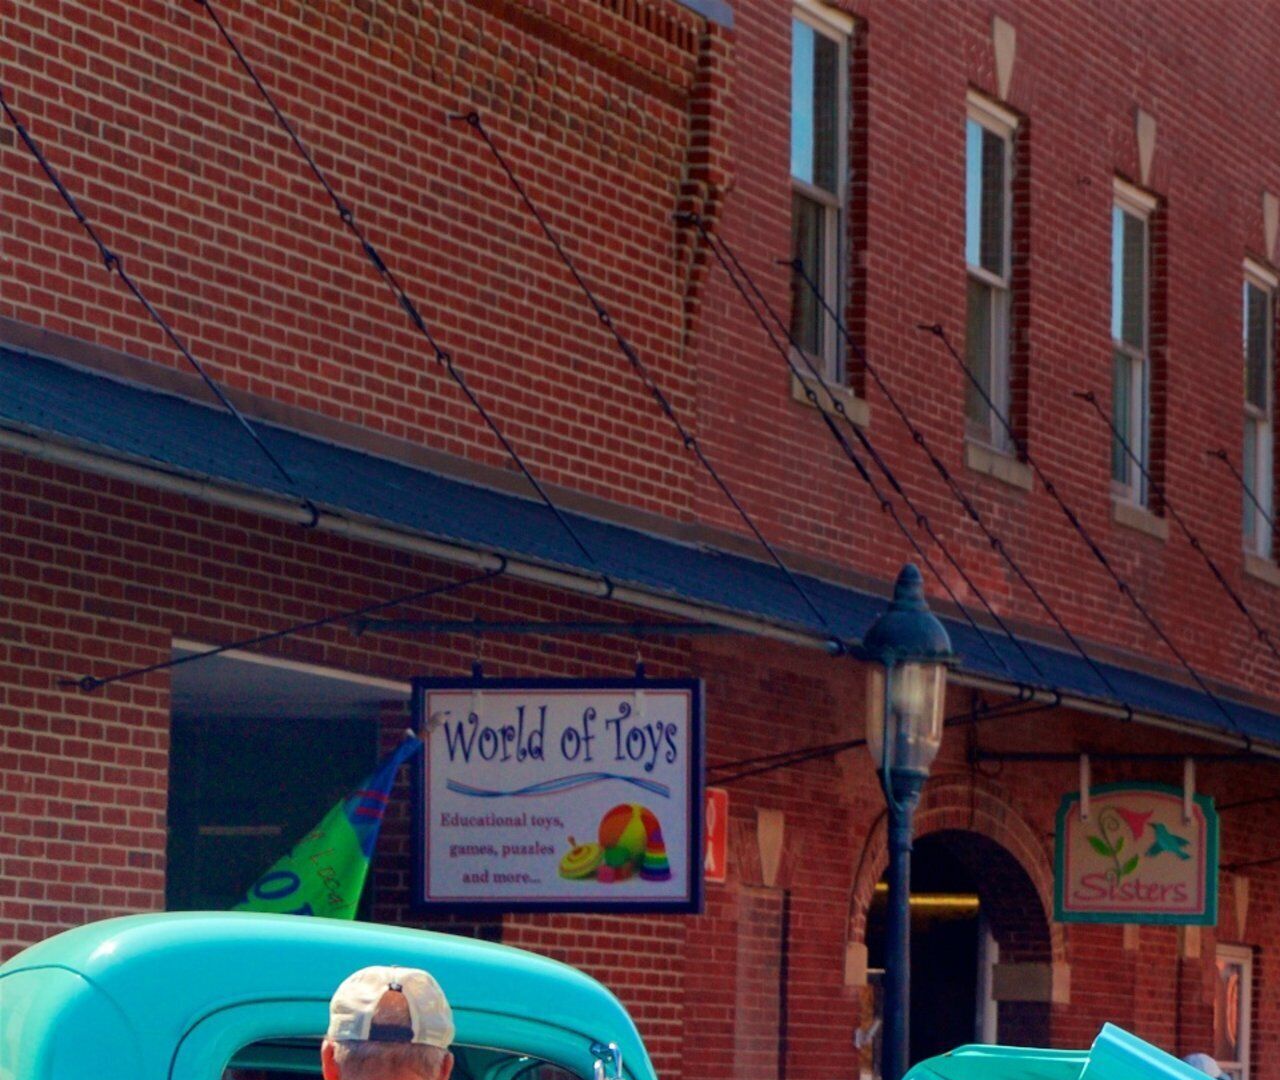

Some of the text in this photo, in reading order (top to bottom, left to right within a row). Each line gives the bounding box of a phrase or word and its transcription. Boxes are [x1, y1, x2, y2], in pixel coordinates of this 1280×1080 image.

[443, 702, 678, 772] World of Toys
[440, 813, 564, 830] Educational toys,
[449, 842, 555, 858] games, puzzles
[462, 871, 488, 885] and
[1073, 872, 1188, 903] Sisters

=-=-=-=-=

◆ Task objective: With the pictures omitted, restate every entry above word for word.

◆ Answer to this problem:
Some of the text in this photo, in reading order (top to bottom, left to right within a row). Each line gives the bounding box of a phrase or word and its transcription. Boxes are [x1, y1, x2, y2], in pixel coordinates of this 1280×1080 image.

[443, 702, 678, 772] World of Toys
[440, 813, 564, 830] Educational toys,
[449, 842, 555, 858] games, puzzles
[462, 871, 488, 885] and
[1073, 872, 1188, 903] Sisters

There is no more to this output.